Matar a un ruiseñor es una novela maravillosa. Había visto la película de Robert Mulligan varias veces (con Gregory Peck como un inolvidable Atticus Finch y un jovencísimo Robert Duvall haciendo de Boo Radley), pero nunca había leído el original de Harper Lee. (A quien por lo demás no le fue nada mal con la novelita: la cubierta de mi edición dice ‘Ganadora del premio Pulitzer, más de 30 millones vendidos'. ¡Treinta millones de libros! Cifras hoy impensables para un libro de calidad.)

La historia es la misma: el relato en primera persona de una niña apodada Scout, que vive en un pueblo del sur de los Estados Unidos en 1935. Matar a un ruiseñor es a la vez una historia de iniciación, un cuento de fantasmas -Maycomb tiene su propio espectro, el mentado Boo Radley- y un retrato de la vida pueblerina en la América segregada. A la vez es vehículo de uno de los mejores personajes de la literatura americana, quizás el más admirable (Ajab es inconmensurable pero dista de ser un ejemplo): Atticus Finch, padre de Scout y de su hermano mayor Jem, un viudo que cría a sus hijos con la ayuda de una mujer afroamericana llamada Calpurnia. Finch es abogado y trabaja todo el día. Imposibilitado de vigilar a sus hijos de manera constante, y por ende de controlarlos en las minucias de la cotidianeidad, se concentra por ello en lo verdaderamente importante: el alma de sus hijos. Si Harper Lee -que le dedica la novela a un ‘Mr. Lee' en quien no cuesta nada imaginar a su propio padre- hubiese tenido la intuición de adelantársele a Savater, podría haber titulado la novela Etica para Jem y Scout sin equivocarse ni un poco. ¿Quién no sueña con ser un padre como Atticus Finch?

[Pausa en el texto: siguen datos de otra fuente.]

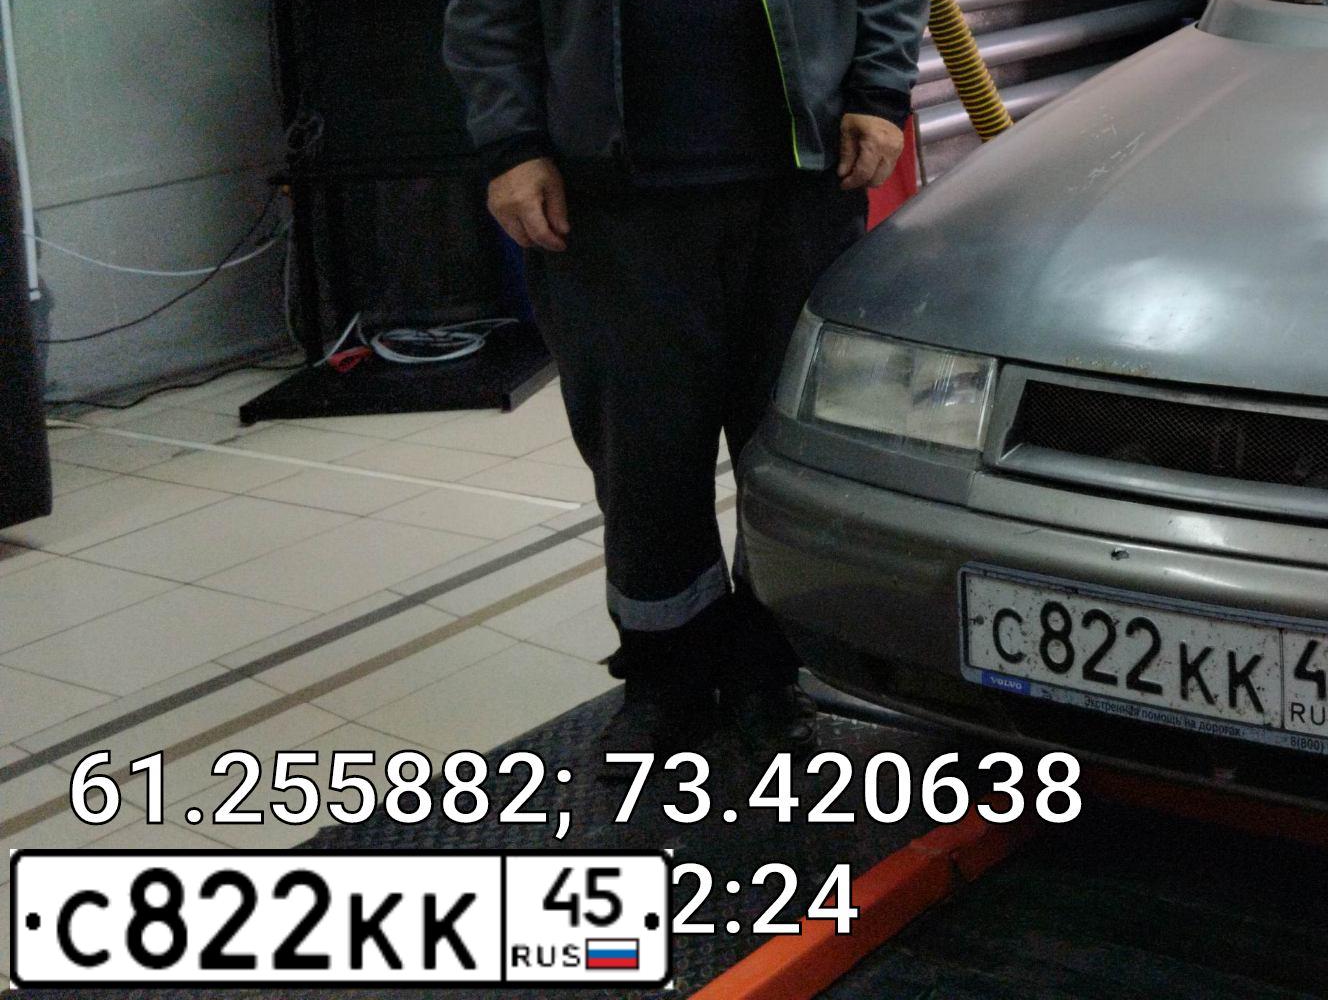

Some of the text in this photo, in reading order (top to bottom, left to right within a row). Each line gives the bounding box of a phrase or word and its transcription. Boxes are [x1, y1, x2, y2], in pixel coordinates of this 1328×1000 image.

Pero por supuesto, tratándose de una Gran Novela Americana no puede faltar un crimen. Una joven blanca acusa a un negro, Tom Robinson, de haberla violado. La defensa que Atticus Finch hace de Tom Robinson es heroica, precisamente porque está perdida de antemano a pesar de que no existe una sola prueba, ni médica ni jurídica, de la veracidad del presunto crimen. Robinson es encontrado culpable por el simple hecho de que en aquellos tiempos y en aquel lugar, un negro no tenía esperanza alguna de ser exonerado por un jurado de blancos. El único crimen que ocurre en Matar al ruiseñor lo perpetra el sistema. A pesar de lo cual el transcurso del juicio se convierte en parte clave de la educación de Scout y de Jem. El centro de la ética de Atticus (¿Etticus?) Finch está expresado en el título de la novela. En la figura de esa ave, que no es predadora ni devasta las cosechas sino que tan sólo canta para deleite de todos, Atticus cifra su prueba de la inutilidad de la violencia. Matar a un inocente es indudablemente un crimen. Y para Atticus todos los seres humanos son buenos en su esencia, o en todo caso son como son por una causa que amerita comprensión y tolerancia.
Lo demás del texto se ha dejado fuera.